Their romance is not with each other, but with other people who can briefly help them escape their self-absorption. Both in the movie and in her book, Orlean is drawn to Laroche by the purity of his pursuit for the mysterious ghost orchid of the swamps. "I wanted to want something as much as people want these plants," she says/writes. "I want to know what it feels like to care about something so passionately." However much or little Meryl Streep's performance resembles the real Orlean, this is one of the chameleonic actress's most thoroughly enjoyable roles. Orlean's transition from a diffident, repressed Manhattanite, who joins dinner-party guests in mocking Laroche for his missing teeth, into a giggly hedonist willing to devote her time to precise mimicry of the telephone dial tone is wonderful to behold. If such a transformation is ultimately unstable, who can be surprised by that? (Streep also gets to utter the single nastiest line of her movie career, but you'll have to hear that one for yourself.)
Kaufman's love affair is entirely platonic; he reluctantly staggers toward a reconciliation with his twin brother, Donald, a genial suckup who is writing a screenplay about a serial killer with multiple-personality disorder and whose idea of a pickup line is "You look hot tonight, babe." (It works, too.) Once again, let's be clear: I firmly believe there is no Donald Kaufman, even though his name appears in the credits as co-writer of "Adaptation." Cage plays both brothers, who are often and in fact mostly in the same scene, which can only have been an exhausting technical and personal feat. (The special effects involved are absolutely seamless.) It also means he exposes himself to multiple forms of humiliation at almost the same time: lying on the bed pretending to jerk off (as Charlie) and wandering around the apartment (as Donald) announcing, "I really liked 'Dressed to Kill' until the third-act denooeyment."

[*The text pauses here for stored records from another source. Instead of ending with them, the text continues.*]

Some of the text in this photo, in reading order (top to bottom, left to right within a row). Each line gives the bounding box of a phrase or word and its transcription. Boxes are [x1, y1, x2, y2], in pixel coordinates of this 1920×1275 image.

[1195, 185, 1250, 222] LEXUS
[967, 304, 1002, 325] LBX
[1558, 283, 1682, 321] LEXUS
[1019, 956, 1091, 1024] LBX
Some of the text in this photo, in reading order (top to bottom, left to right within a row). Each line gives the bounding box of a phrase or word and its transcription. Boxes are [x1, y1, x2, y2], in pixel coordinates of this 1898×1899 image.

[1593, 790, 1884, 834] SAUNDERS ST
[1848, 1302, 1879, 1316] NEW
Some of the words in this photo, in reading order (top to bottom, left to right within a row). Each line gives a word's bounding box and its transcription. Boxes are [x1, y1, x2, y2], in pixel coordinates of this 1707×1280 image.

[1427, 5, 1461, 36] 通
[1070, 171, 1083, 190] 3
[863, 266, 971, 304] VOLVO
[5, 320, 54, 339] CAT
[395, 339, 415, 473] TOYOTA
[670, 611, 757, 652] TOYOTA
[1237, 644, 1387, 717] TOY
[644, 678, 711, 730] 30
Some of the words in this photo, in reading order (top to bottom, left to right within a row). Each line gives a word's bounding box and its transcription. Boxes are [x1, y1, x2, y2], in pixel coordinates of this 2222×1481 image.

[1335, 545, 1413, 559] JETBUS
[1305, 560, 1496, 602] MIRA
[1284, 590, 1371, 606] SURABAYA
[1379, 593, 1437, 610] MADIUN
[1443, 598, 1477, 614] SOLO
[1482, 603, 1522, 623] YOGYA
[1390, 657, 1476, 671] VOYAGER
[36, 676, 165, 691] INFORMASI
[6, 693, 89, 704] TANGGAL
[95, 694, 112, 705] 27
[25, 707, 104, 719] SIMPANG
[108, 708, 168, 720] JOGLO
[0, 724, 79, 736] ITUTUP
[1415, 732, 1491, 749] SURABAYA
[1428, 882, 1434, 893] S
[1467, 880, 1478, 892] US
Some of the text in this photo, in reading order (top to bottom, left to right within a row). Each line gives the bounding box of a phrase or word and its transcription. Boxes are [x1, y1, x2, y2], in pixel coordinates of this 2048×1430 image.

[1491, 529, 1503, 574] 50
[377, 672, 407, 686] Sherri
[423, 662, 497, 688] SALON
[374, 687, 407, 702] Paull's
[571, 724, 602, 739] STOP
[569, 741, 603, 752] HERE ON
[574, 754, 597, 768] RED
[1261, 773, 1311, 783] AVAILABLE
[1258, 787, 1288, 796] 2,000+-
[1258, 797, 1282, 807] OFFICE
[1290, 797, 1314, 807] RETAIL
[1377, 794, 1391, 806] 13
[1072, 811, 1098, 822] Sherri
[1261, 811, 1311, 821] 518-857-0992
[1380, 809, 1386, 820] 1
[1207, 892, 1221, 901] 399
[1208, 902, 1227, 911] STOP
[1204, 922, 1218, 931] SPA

While Charlie is locked in his room tormenting himself with Orlean's book-jacket photo, Donald is off getting laid, meeting enthusiastic agents (even their mom agrees his screenplay is "psychologically taut") and playing Boggle in the backyard with "Malkovich" star Catherine Keener, who appears briefly here along with John Cusack and Malkovich himself. But with the ambiguous help of Donald and screenwriting guru Robert McKee (another real person, played hilariously by Brian Cox), Charlie makes something like a movie finally happen. Whether that's a good thing or a bad thing is up to you.
In the end, for all its manic comedy and its "profound life lessons," "Adaptation" is a fundamentally sad work. As Charlie Kaufman says of "The Orchid Thief," it's a story about disappointment. Kaufman sets himself a challenge -- making a movie without "character arcs" and artificial transformations -- that he can't meet. For all his patented iconoclasm, he's doomed to the conventions of Hollywood as much as even the best and most unorthodox journalist (and Orlean is one of those) is doomed to those of New York. So "Adaptation" is a highly enjoyable failure, a quandary that can't resolve itself. Even in the entirely fictional movie world of its denooeyment, as Laroche puts it, "you know, bad things happen, darkness descends." No one who chases the ghost orchid ever gets out of this swamp alive.